[Aim of the exercise]:
Your copy should match the records exactly, apart from the pictures, which stay out.

[Data excerpts]:
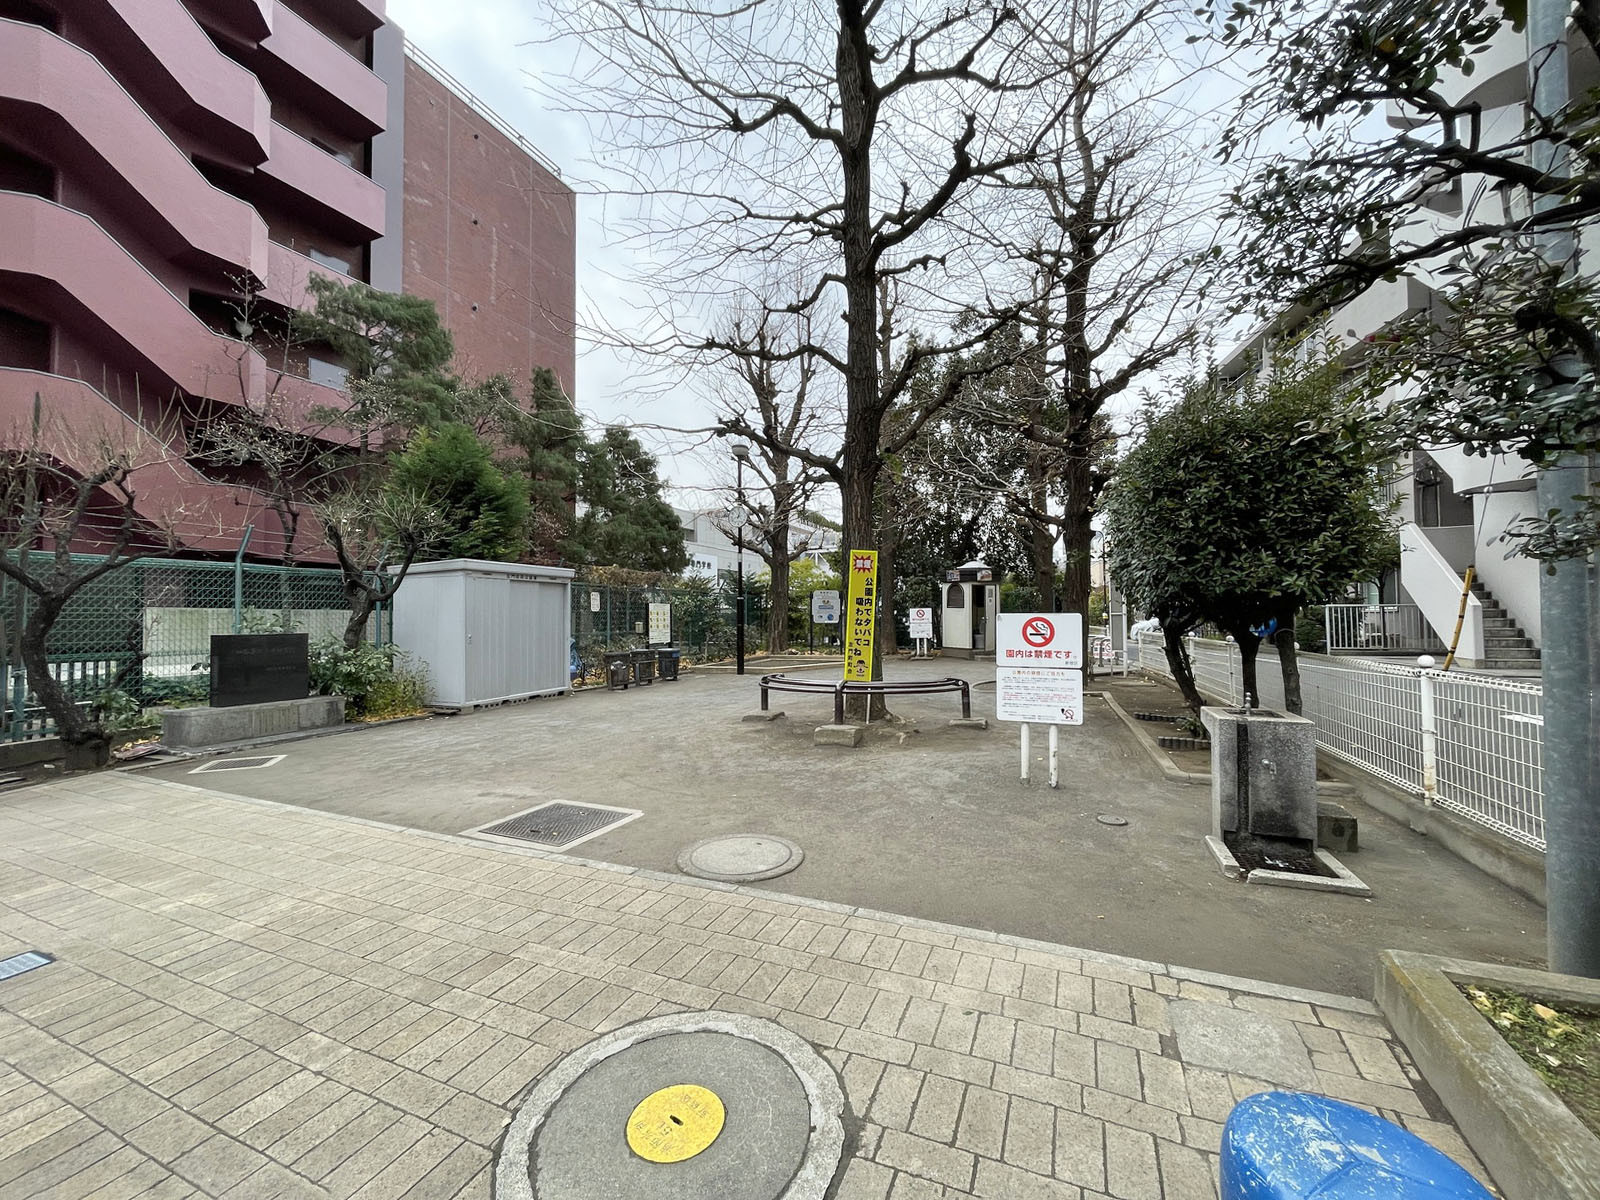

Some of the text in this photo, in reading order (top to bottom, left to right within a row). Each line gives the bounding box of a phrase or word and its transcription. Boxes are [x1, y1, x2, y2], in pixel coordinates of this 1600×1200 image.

[863, 577, 874, 647] 公園内でタバコ
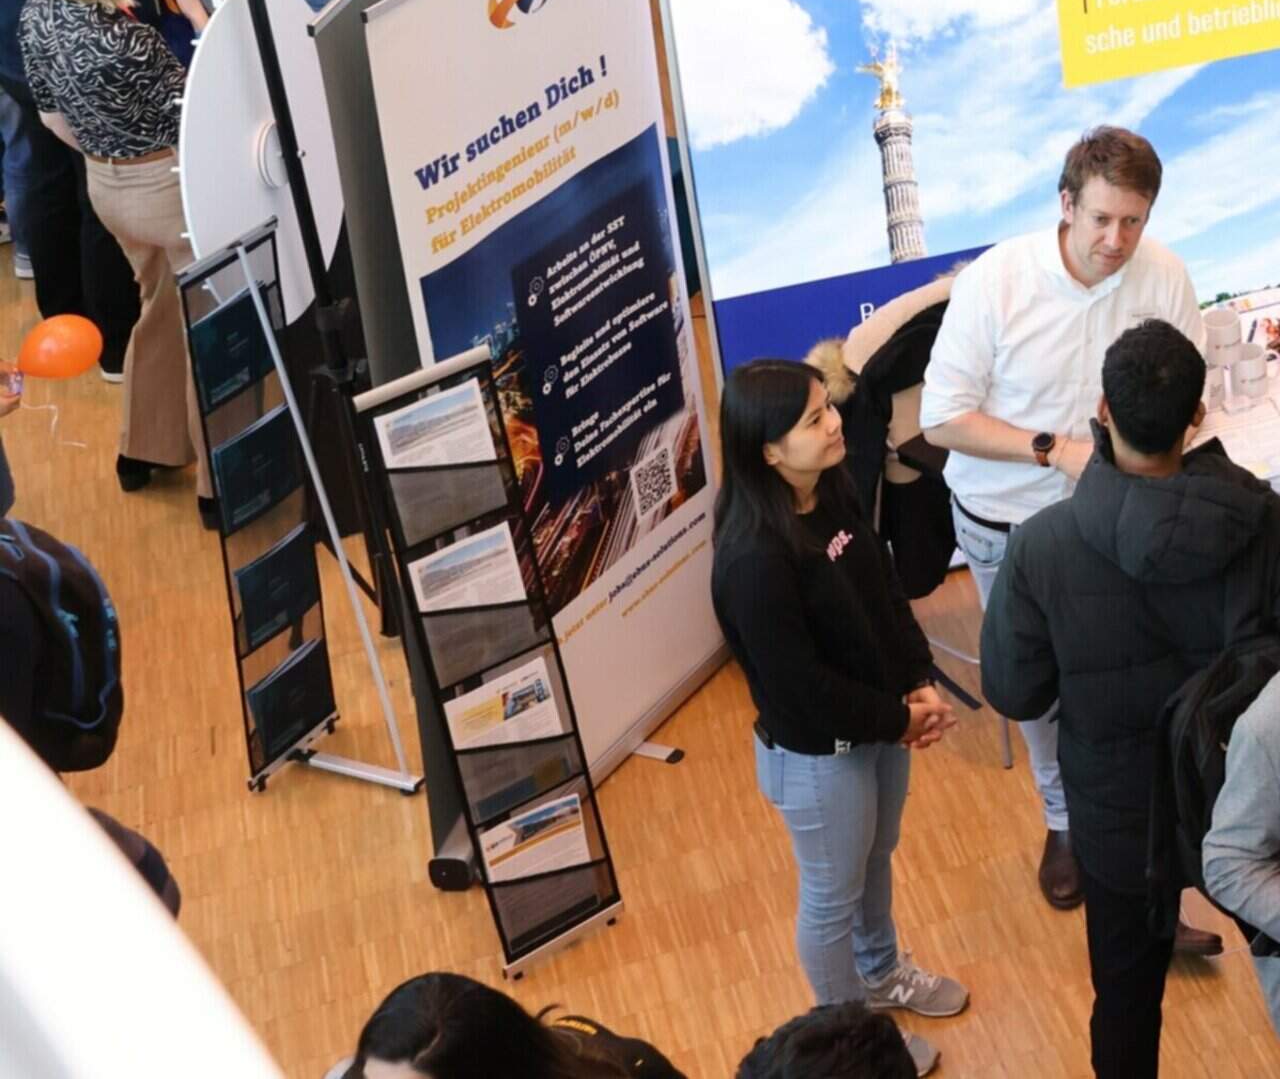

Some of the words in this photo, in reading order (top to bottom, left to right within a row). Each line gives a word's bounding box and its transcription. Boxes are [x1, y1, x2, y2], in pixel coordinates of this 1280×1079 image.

[1086, 24, 1135, 55] sche
[1142, 16, 1181, 43] und
[414, 153, 460, 191] Wir
[465, 101, 541, 162] suchen
[545, 65, 594, 110] Dich
[599, 54, 608, 77] !
[425, 135, 550, 224] Projektingenieur
[553, 88, 620, 144] (m/w/d)
[431, 229, 457, 254] für
[460, 146, 577, 236] Elektromobilität

[Response for this exercise]:
Some of the text in this photo, in reading order (top to bottom, left to right within a row). Each line gives the bounding box of a phrase or word and its transcription. Boxes are [x1, y1, x2, y2], in pixel coordinates of this 1600×1200 image.

[863, 577, 874, 647] 公園内でタバコ

Some of the words in this photo, in reading order (top to bottom, left to right within a row). Each line gives a word's bounding box and its transcription. Boxes are [x1, y1, x2, y2], in pixel coordinates of this 1280×1079 image.

[1086, 24, 1135, 55] sche
[1142, 16, 1181, 43] und
[414, 153, 460, 191] Wir
[465, 101, 541, 162] suchen
[545, 65, 594, 110] Dich
[599, 54, 608, 77] !
[425, 135, 550, 224] Projektingenieur
[553, 88, 620, 144] (m/w/d)
[431, 229, 457, 254] für
[460, 146, 577, 236] Elektromobilität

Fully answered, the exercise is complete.